Como resultado concreto das manifestações, o presidente da Abrasco apontou o programa Mais Médicos. “Faltam médicos e a população sofre com isso, mas podemos e devemos aproveitar esse movimento para avançar na implantação do SUS igualitário e estatal. Assim como o movimento da Reforma Sanitária soube sintonizar sua bandeira, cabe a nos a competência para sintonizar a luta pela implantação de um sistema universal igualitário com a luta do movimento social”.

Paulo Fabio Dantas Neto, professor da UFBA, por sua vez, fez uma leitura sobre a rejeição da política e dos partidos políticos tradicionais que surgiu em muitas das manifestações. Contrapondo as manifestações de 2013 com as mobilizações sociais que marcaram o processo de redemocratização na década de 1980, Dantas Neto considerou que os ataques aos partidos e instituições políticas representaram a culminância de um processo de afastamento entre as reivindicações populares e as pautas de partidos e sindicatos desde o fim da ditadura. “Segundo ele, com isso, muitas das manifestações acabaram perdendo força política, descambando para um embate entre polícia e o que ele chamou de “estetas da catarse social”. Segundo ele, esse é um termo usado pelo filósofo italiano Antonio Gramsci para “designar o momento primário de reivindicações sociais que antecede o processo de mediação realizado pela grande política”. Essa, defendeu, “é fundamental para que as demandas se desenvolvam, mas não suficiente”. Para o professor, metabolizar protestos e elaborar projetos racionais com base nos interesse coletivos é obra da política. “Em todas as democracias contemporâneas, os partidos têm papel imprescindível, mas perderam representatividade como canalizadores de demandas civis, com a competição cada vez mais acirrada com que são levados a operar no interior do sistema político”, disse Dantas Neto.
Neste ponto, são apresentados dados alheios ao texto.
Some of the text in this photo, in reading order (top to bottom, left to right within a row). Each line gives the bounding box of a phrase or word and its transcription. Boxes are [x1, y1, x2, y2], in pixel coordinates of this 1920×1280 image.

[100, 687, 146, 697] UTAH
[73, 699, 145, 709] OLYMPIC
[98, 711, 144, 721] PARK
No entanto, ele rejeitou a ideia de que a reforma política proposta pelo governo como resposta às manifestações tenha sido uma demanda das ruas. “A reforma política é pauta das elites e não do movimento das ruas. Atualmente em nome da governabilidade pretende-se reduzir o universo dos partidos que operam no interior do sistema político. Essa é uma pauta da elite, a oligarquização do sistema partidário, com a qual corre-se o risco de atirar no lixo única coisa que conta em termos de ampliação do espaço democrático. A população pede que as instituições funcionem, não sua substituição, essa é a minha leitura”, avaliou Dantas Neto.  
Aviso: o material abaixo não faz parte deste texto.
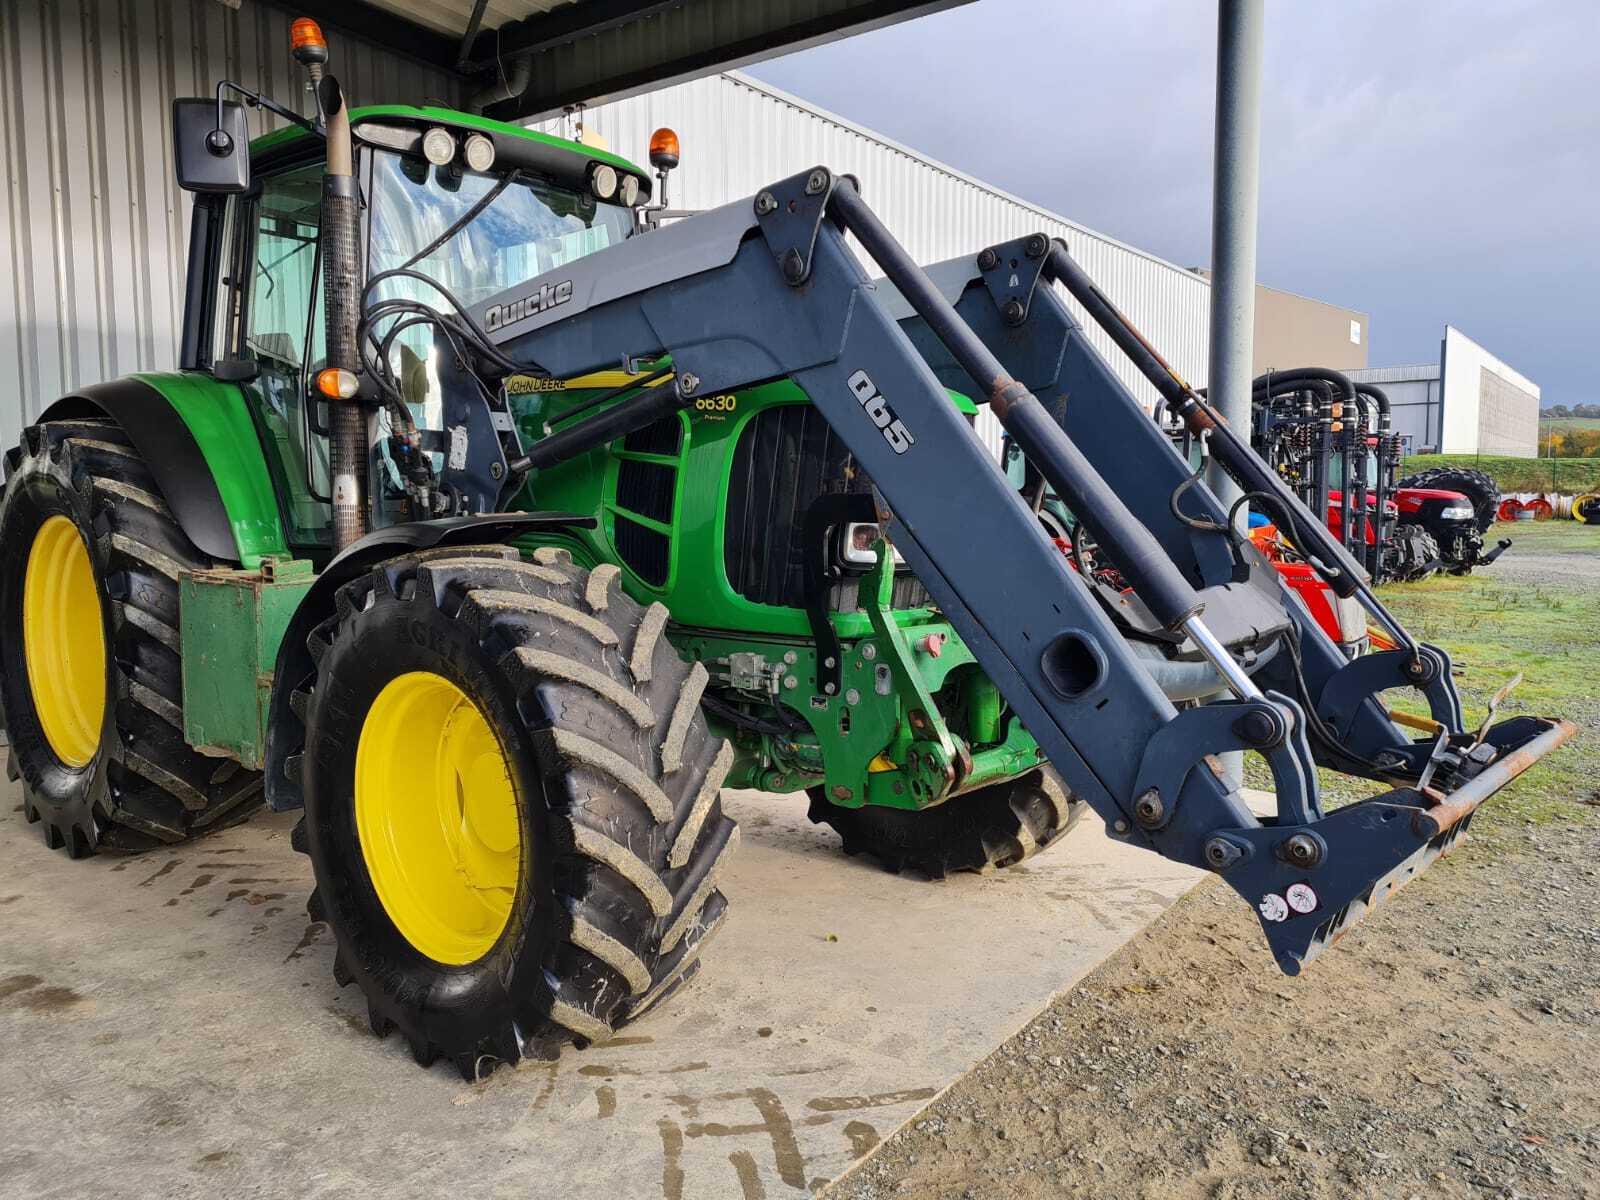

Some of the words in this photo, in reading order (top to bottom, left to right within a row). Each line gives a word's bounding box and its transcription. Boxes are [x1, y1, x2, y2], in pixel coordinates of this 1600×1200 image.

[485, 279, 573, 334] Quicke
[510, 381, 532, 392] JOHN
[534, 379, 566, 390] DEERE
[695, 395, 736, 411] 6630
[846, 368, 916, 455] Q65
O pesquisador Paulo Bruno, da Ensp/Fiocruz, fez um resgate de algumas das manifestações ocorridas nos últimos dez anos no Brasil, procurando mostrar as demandas comuns entre elas, bem como a maneira violenta com que foram reprimidas pelo Estado por meio do emprego das forças de segurança. “Uma pesquisa do Ibope que procurou mostrar as principais reivindicações das manifestações deste ano apontou que em terceiro lugar estava a saúde, com 12,1 % das demandas.  Nessas manifestações a questão da saúde aparece como denúncia: a crítica à Empresa Brasileira de Serviços Hospitalares [EBSERH], ao Ato Médico, a  de demandas por hospitais e por um padrão de saúde ‘padrão Fifa’. Nas favelas, como na Rocinha, as pessoas iam as ruas para dizer que queriam saneamento, e não teleférico”,informou. Preso no Rio de Janeiro, durante uma manifestação no dia 15 de outubro, Dia dos Professores, e acusado, entre outros crimes de formação de quadrilha, Paulo Bruno, que concedeu entrevista exclusiva à EPSJV/Fiocruz sobre o caso, lembrou também do problema da repressão policial e da condição dos presídios brasileiros, que também devem ser estudados à luz da saúde. “Houve um uso massivo de bombas de efeito moral, e carecemos de estudos dos efeitos para a saúde desses gases, além disso, também há o problema das balas de borracha, que deixaram várias pessoas cegas. Precisamos ter um olhar mais cuidadoso sobre isso. E também as prisões, pela condição dos cárceres, o terror psicológico, as más condições de higiene, carência de água, tudo isso constitui um conjunto de elementos para se pensar”, lembrou o pesquisador.